*** Opening Data provided ***

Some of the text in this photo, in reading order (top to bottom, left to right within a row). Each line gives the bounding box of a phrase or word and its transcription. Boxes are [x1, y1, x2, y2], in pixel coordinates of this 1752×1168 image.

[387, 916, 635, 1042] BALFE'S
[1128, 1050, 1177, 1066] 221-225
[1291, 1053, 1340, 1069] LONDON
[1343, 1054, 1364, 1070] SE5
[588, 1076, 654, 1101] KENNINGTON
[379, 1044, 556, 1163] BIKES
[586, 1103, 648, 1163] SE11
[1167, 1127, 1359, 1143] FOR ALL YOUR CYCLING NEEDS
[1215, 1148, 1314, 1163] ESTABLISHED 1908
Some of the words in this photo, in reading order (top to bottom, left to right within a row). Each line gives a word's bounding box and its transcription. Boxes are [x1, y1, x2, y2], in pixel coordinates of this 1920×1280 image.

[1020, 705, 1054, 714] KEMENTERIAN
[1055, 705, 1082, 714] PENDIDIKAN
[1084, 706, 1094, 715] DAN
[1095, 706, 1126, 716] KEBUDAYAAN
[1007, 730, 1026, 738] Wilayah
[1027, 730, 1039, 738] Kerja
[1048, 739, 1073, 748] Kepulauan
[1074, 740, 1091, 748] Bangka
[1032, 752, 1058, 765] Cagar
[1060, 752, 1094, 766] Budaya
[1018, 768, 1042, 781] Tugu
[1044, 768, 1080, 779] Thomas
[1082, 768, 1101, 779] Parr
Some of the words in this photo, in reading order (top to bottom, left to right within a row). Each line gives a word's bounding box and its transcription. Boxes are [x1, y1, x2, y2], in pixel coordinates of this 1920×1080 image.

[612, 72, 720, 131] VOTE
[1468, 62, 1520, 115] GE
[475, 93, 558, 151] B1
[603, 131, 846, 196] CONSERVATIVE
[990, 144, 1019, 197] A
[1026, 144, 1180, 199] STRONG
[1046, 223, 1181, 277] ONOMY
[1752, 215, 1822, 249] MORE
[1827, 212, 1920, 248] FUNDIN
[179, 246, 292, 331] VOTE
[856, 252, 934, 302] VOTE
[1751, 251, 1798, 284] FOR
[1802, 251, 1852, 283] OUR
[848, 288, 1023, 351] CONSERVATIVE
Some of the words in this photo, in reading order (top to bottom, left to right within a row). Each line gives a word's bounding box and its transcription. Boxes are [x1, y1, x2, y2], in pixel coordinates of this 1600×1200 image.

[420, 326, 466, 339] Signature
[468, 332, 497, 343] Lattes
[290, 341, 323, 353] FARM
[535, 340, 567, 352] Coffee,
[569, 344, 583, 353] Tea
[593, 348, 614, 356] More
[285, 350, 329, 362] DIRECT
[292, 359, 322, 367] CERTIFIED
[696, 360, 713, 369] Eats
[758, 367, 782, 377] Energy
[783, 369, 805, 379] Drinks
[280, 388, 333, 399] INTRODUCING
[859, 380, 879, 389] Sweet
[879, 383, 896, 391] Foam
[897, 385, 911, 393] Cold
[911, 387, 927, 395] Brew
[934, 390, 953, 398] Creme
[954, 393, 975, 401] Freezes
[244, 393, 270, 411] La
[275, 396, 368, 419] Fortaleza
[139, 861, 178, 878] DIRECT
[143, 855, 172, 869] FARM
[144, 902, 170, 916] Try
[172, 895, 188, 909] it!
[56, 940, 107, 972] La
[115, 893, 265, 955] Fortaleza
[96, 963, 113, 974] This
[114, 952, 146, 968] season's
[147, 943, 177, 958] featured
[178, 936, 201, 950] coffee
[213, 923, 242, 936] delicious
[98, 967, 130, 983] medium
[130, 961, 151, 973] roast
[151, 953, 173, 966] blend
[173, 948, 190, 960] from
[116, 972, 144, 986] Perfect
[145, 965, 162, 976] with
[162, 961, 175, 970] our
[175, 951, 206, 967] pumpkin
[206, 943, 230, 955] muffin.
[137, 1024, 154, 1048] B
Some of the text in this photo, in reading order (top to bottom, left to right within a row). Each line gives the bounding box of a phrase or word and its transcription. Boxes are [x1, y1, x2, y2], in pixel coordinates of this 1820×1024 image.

*** Closing Data provided ***

Requirement: What is needed is a faithful transcription of every entry.

Completed task:
Some of the text in this photo, in reading order (top to bottom, left to right within a row). Each line gives the bounding box of a phrase or word and its transcription. Boxes are [x1, y1, x2, y2], in pixel coordinates of this 1752×1168 image.

[387, 916, 635, 1042] BALFE'S
[1128, 1050, 1177, 1066] 221-225
[1291, 1053, 1340, 1069] LONDON
[1343, 1054, 1364, 1070] SE5
[588, 1076, 654, 1101] KENNINGTON
[379, 1044, 556, 1163] BIKES
[586, 1103, 648, 1163] SE11
[1167, 1127, 1359, 1143] FOR ALL YOUR CYCLING NEEDS
[1215, 1148, 1314, 1163] ESTABLISHED 1908
Some of the words in this photo, in reading order (top to bottom, left to right within a row). Each line gives a word's bounding box and its transcription. Boxes are [x1, y1, x2, y2], in pixel coordinates of this 1920×1280 image.

[1020, 705, 1054, 714] KEMENTERIAN
[1055, 705, 1082, 714] PENDIDIKAN
[1084, 706, 1094, 715] DAN
[1095, 706, 1126, 716] KEBUDAYAAN
[1007, 730, 1026, 738] Wilayah
[1027, 730, 1039, 738] Kerja
[1048, 739, 1073, 748] Kepulauan
[1074, 740, 1091, 748] Bangka
[1032, 752, 1058, 765] Cagar
[1060, 752, 1094, 766] Budaya
[1018, 768, 1042, 781] Tugu
[1044, 768, 1080, 779] Thomas
[1082, 768, 1101, 779] Parr
Some of the words in this photo, in reading order (top to bottom, left to right within a row). Each line gives a word's bounding box and its transcription. Boxes are [x1, y1, x2, y2], in pixel coordinates of this 1920×1080 image.

[612, 72, 720, 131] VOTE
[1468, 62, 1520, 115] GE
[475, 93, 558, 151] B1
[603, 131, 846, 196] CONSERVATIVE
[990, 144, 1019, 197] A
[1026, 144, 1180, 199] STRONG
[1046, 223, 1181, 277] ONOMY
[1752, 215, 1822, 249] MORE
[1827, 212, 1920, 248] FUNDIN
[179, 246, 292, 331] VOTE
[856, 252, 934, 302] VOTE
[1751, 251, 1798, 284] FOR
[1802, 251, 1852, 283] OUR
[848, 288, 1023, 351] CONSERVATIVE
Some of the words in this photo, in reading order (top to bottom, left to right within a row). Each line gives a word's bounding box and its transcription. Boxes are [x1, y1, x2, y2], in pixel coordinates of this 1600×1200 image.

[420, 326, 466, 339] Signature
[468, 332, 497, 343] Lattes
[290, 341, 323, 353] FARM
[535, 340, 567, 352] Coffee,
[569, 344, 583, 353] Tea
[593, 348, 614, 356] More
[285, 350, 329, 362] DIRECT
[292, 359, 322, 367] CERTIFIED
[696, 360, 713, 369] Eats
[758, 367, 782, 377] Energy
[783, 369, 805, 379] Drinks
[280, 388, 333, 399] INTRODUCING
[859, 380, 879, 389] Sweet
[879, 383, 896, 391] Foam
[897, 385, 911, 393] Cold
[911, 387, 927, 395] Brew
[934, 390, 953, 398] Creme
[954, 393, 975, 401] Freezes
[244, 393, 270, 411] La
[275, 396, 368, 419] Fortaleza
[139, 861, 178, 878] DIRECT
[143, 855, 172, 869] FARM
[144, 902, 170, 916] Try
[172, 895, 188, 909] it!
[56, 940, 107, 972] La
[115, 893, 265, 955] Fortaleza
[96, 963, 113, 974] This
[114, 952, 146, 968] season's
[147, 943, 177, 958] featured
[178, 936, 201, 950] coffee
[213, 923, 242, 936] delicious
[98, 967, 130, 983] medium
[130, 961, 151, 973] roast
[151, 953, 173, 966] blend
[173, 948, 190, 960] from
[116, 972, 144, 986] Perfect
[145, 965, 162, 976] with
[162, 961, 175, 970] our
[175, 951, 206, 967] pumpkin
[206, 943, 230, 955] muffin.
[137, 1024, 154, 1048] B
Some of the text in this photo, in reading order (top to bottom, left to right within a row). Each line gives the bounding box of a phrase or word and its transcription. Boxes are [x1, y1, x2, y2], in pixel coordinates of this 1820×1024 image.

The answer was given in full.